Elucidating the molecular basis of neural crest cell EMT, migration, and intercellular interactions

The Taneyhill lab studies the vertebrate neural crest, a transient population of migratory cells that ultimately differentiate to become a wide range of structures, including the peripheral nervous system, pigment cells (melanocytes), and the bones and cartilage of the face and neck. Consequently, many human congenital and hereditary malformations (craniofacial abnormalities, heart defects), diseases (Hirschprung) and cancers result from aberrant neural crest development. Neural crest cells detach from the neural tube and migrate away into the periphery by undergoing an epithelial-to-mesenchymal transition (EMT) characterized by the loss of various epithelial properties (for example, cell-cell adhesion) and the subsequent acquisition of a mesenchymal (motile) phenotype, an event molecularly similar to EMTs observed in metastatic or invasive cancers when cells leave the primary tumor site.

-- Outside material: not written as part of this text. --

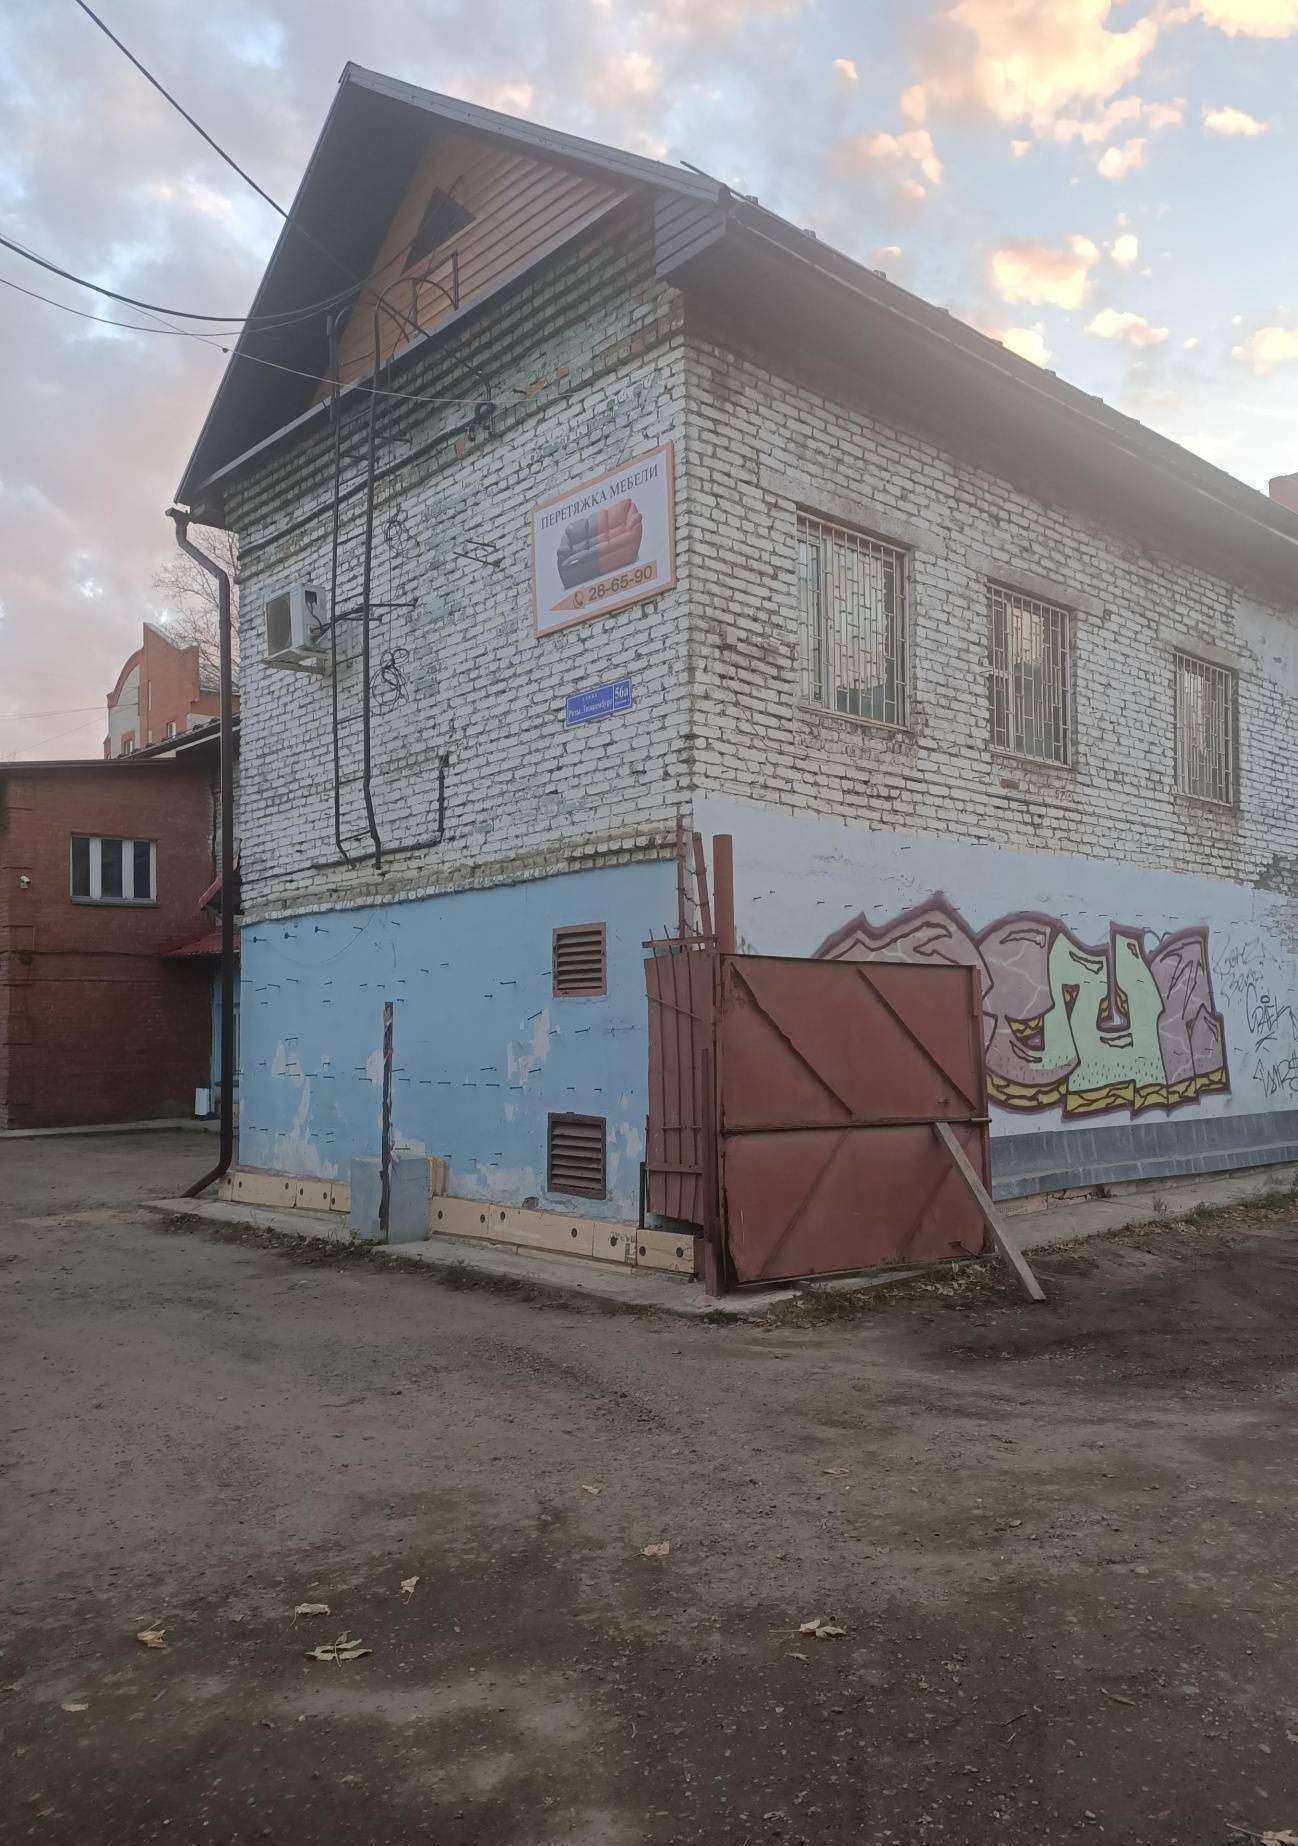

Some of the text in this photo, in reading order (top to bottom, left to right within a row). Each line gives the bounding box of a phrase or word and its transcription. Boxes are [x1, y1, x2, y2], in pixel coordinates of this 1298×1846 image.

[541, 463, 659, 530] ПЕРЕТЯЖКА МЕБЕЛИ
[588, 565, 653, 600] 28-65-90

Our lab is studying neural crest formation in the avian (chicken) embryo to better understand overall animal growth and development. The chicken provides an excellent model system for understanding neural crest development for a number of reasons: 1) The embryo is large and develops externally, making it amenable to both in ovo (in the egg) and in vitro manipulations; 2) the availability of the genomic sequence allows us to do molecular biology and biochemistry-based assays; and 3) the wealth of descriptive literature detailing neural crest development gives a rich history upon which we can draw for our studies. Thus, the chicken is the ideal organism in which to study the neural crest and elucidate how abnormalities in neural crest development give rise to various diseases, disorders and cancers. To address these effects on health and proper development, we must first ask some general questions about neural crest formation. How do these cells arise in the dorsal neural tube, and what distinguishes them from the rest of the neural tube? What molecular cues transform these non-motile precursors (the premigratory neural crest) to migratory neural crest cells? The Taneyhill Lab has now shown that components of cellular junctions play critical roles during neural crest cell EMT and later on when migratory neural crest cells intermingle and coalesce with placode cells to form the cranial ganglia. Collectively, we aim to establish a molecular blueprint for EMT and intercellular interactions in order to properly build and pattern the vertebrate embryo. Our results will have direct implications to overall animal and human health and development.